Dataset excerpts:
=== Section Start ===

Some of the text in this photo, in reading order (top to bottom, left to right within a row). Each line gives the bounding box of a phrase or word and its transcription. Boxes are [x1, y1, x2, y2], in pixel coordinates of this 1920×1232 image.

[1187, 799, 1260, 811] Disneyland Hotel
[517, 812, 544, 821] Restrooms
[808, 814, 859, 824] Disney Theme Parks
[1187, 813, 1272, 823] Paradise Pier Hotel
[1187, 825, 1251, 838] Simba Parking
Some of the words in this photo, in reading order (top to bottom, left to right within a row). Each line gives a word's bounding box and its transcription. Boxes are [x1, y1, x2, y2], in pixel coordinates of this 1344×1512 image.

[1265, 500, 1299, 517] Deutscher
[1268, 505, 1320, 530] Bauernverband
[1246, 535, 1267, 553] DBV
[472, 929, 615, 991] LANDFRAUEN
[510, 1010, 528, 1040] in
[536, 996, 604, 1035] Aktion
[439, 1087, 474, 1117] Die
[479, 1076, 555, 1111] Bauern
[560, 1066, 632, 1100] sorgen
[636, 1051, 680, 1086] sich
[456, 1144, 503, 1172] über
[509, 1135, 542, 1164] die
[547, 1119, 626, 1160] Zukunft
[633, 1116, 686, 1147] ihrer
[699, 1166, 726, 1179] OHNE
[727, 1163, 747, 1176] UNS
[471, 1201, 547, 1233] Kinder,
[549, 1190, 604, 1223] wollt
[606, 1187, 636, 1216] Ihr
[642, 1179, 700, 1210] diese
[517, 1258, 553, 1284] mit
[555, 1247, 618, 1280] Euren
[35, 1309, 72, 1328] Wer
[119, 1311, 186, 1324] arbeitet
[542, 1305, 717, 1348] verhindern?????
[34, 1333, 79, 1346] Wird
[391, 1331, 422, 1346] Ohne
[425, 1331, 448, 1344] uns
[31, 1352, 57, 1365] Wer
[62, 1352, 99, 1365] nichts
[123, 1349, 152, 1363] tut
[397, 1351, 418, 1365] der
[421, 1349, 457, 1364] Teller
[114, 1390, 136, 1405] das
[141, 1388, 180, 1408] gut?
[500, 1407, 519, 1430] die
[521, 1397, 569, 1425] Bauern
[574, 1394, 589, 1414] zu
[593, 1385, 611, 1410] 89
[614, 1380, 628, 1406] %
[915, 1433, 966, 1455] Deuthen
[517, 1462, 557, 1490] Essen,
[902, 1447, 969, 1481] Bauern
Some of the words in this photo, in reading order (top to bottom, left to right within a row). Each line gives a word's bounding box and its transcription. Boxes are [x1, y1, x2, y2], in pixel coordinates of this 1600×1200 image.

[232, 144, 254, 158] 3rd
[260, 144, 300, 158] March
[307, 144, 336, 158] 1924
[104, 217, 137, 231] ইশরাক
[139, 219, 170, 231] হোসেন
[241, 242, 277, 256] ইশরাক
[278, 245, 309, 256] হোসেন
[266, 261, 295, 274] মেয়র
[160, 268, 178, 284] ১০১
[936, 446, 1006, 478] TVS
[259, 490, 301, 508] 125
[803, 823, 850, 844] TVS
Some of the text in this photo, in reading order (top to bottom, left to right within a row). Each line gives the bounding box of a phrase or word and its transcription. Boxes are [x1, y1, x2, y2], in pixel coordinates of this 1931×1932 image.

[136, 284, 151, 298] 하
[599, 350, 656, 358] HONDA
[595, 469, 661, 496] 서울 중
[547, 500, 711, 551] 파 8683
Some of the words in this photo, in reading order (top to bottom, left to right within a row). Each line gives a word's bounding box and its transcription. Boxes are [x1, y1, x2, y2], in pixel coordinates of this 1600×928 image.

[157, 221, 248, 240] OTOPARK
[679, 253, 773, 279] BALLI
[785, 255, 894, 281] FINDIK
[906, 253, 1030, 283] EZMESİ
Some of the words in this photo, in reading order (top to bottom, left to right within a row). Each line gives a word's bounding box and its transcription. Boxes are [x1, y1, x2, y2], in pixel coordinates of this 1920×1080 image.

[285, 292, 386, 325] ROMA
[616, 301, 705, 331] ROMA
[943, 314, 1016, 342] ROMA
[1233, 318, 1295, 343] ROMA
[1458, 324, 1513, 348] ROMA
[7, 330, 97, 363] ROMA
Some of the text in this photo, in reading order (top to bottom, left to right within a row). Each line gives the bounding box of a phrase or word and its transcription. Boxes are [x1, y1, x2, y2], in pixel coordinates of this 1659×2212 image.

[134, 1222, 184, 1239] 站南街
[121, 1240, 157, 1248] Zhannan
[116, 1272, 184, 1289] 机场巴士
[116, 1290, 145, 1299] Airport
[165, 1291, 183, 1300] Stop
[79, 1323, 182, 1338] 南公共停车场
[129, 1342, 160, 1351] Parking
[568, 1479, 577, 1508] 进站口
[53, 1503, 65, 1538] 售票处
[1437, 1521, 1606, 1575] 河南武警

=== Section End ===

ACTIVITY = All of the records above should be transcribed exactly.

EXERCISE SOLUTION =
Some of the text in this photo, in reading order (top to bottom, left to right within a row). Each line gives the bounding box of a phrase or word and its transcription. Boxes are [x1, y1, x2, y2], in pixel coordinates of this 1920×1232 image.

[1187, 799, 1260, 811] Disneyland Hotel
[517, 812, 544, 821] Restrooms
[808, 814, 859, 824] Disney Theme Parks
[1187, 813, 1272, 823] Paradise Pier Hotel
[1187, 825, 1251, 838] Simba Parking
Some of the words in this photo, in reading order (top to bottom, left to right within a row). Each line gives a word's bounding box and its transcription. Boxes are [x1, y1, x2, y2], in pixel coordinates of this 1344×1512 image.

[1265, 500, 1299, 517] Deutscher
[1268, 505, 1320, 530] Bauernverband
[1246, 535, 1267, 553] DBV
[472, 929, 615, 991] LANDFRAUEN
[510, 1010, 528, 1040] in
[536, 996, 604, 1035] Aktion
[439, 1087, 474, 1117] Die
[479, 1076, 555, 1111] Bauern
[560, 1066, 632, 1100] sorgen
[636, 1051, 680, 1086] sich
[456, 1144, 503, 1172] über
[509, 1135, 542, 1164] die
[547, 1119, 626, 1160] Zukunft
[633, 1116, 686, 1147] ihrer
[699, 1166, 726, 1179] OHNE
[727, 1163, 747, 1176] UNS
[471, 1201, 547, 1233] Kinder,
[549, 1190, 604, 1223] wollt
[606, 1187, 636, 1216] Ihr
[642, 1179, 700, 1210] diese
[517, 1258, 553, 1284] mit
[555, 1247, 618, 1280] Euren
[35, 1309, 72, 1328] Wer
[119, 1311, 186, 1324] arbeitet
[542, 1305, 717, 1348] verhindern?????
[34, 1333, 79, 1346] Wird
[391, 1331, 422, 1346] Ohne
[425, 1331, 448, 1344] uns
[31, 1352, 57, 1365] Wer
[62, 1352, 99, 1365] nichts
[123, 1349, 152, 1363] tut
[397, 1351, 418, 1365] der
[421, 1349, 457, 1364] Teller
[114, 1390, 136, 1405] das
[141, 1388, 180, 1408] gut?
[500, 1407, 519, 1430] die
[521, 1397, 569, 1425] Bauern
[574, 1394, 589, 1414] zu
[593, 1385, 611, 1410] 89
[614, 1380, 628, 1406] %
[915, 1433, 966, 1455] Deuthen
[517, 1462, 557, 1490] Essen,
[902, 1447, 969, 1481] Bauern
Some of the words in this photo, in reading order (top to bottom, left to right within a row). Each line gives a word's bounding box and its transcription. Boxes are [x1, y1, x2, y2], in pixel coordinates of this 1600×1200 image.

[232, 144, 254, 158] 3rd
[260, 144, 300, 158] March
[307, 144, 336, 158] 1924
[104, 217, 137, 231] ইশরাক
[139, 219, 170, 231] হোসেন
[241, 242, 277, 256] ইশরাক
[278, 245, 309, 256] হোসেন
[266, 261, 295, 274] মেয়র
[160, 268, 178, 284] ১০১
[936, 446, 1006, 478] TVS
[259, 490, 301, 508] 125
[803, 823, 850, 844] TVS
Some of the text in this photo, in reading order (top to bottom, left to right within a row). Each line gives the bounding box of a phrase or word and its transcription. Boxes are [x1, y1, x2, y2], in pixel coordinates of this 1931×1932 image.

[136, 284, 151, 298] 하
[599, 350, 656, 358] HONDA
[595, 469, 661, 496] 서울 중
[547, 500, 711, 551] 파 8683
Some of the words in this photo, in reading order (top to bottom, left to right within a row). Each line gives a word's bounding box and its transcription. Boxes are [x1, y1, x2, y2], in pixel coordinates of this 1600×928 image.

[157, 221, 248, 240] OTOPARK
[679, 253, 773, 279] BALLI
[785, 255, 894, 281] FINDIK
[906, 253, 1030, 283] EZMESİ
Some of the words in this photo, in reading order (top to bottom, left to right within a row). Each line gives a word's bounding box and its transcription. Boxes are [x1, y1, x2, y2], in pixel coordinates of this 1920×1080 image.

[285, 292, 386, 325] ROMA
[616, 301, 705, 331] ROMA
[943, 314, 1016, 342] ROMA
[1233, 318, 1295, 343] ROMA
[1458, 324, 1513, 348] ROMA
[7, 330, 97, 363] ROMA
Some of the text in this photo, in reading order (top to bottom, left to right within a row). Each line gives the bounding box of a phrase or word and its transcription. Boxes are [x1, y1, x2, y2], in pixel coordinates of this 1659×2212 image.

[134, 1222, 184, 1239] 站南街
[121, 1240, 157, 1248] Zhannan
[116, 1272, 184, 1289] 机场巴士
[116, 1290, 145, 1299] Airport
[165, 1291, 183, 1300] Stop
[79, 1323, 182, 1338] 南公共停车场
[129, 1342, 160, 1351] Parking
[568, 1479, 577, 1508] 进站口
[53, 1503, 65, 1538] 售票处
[1437, 1521, 1606, 1575] 河南武警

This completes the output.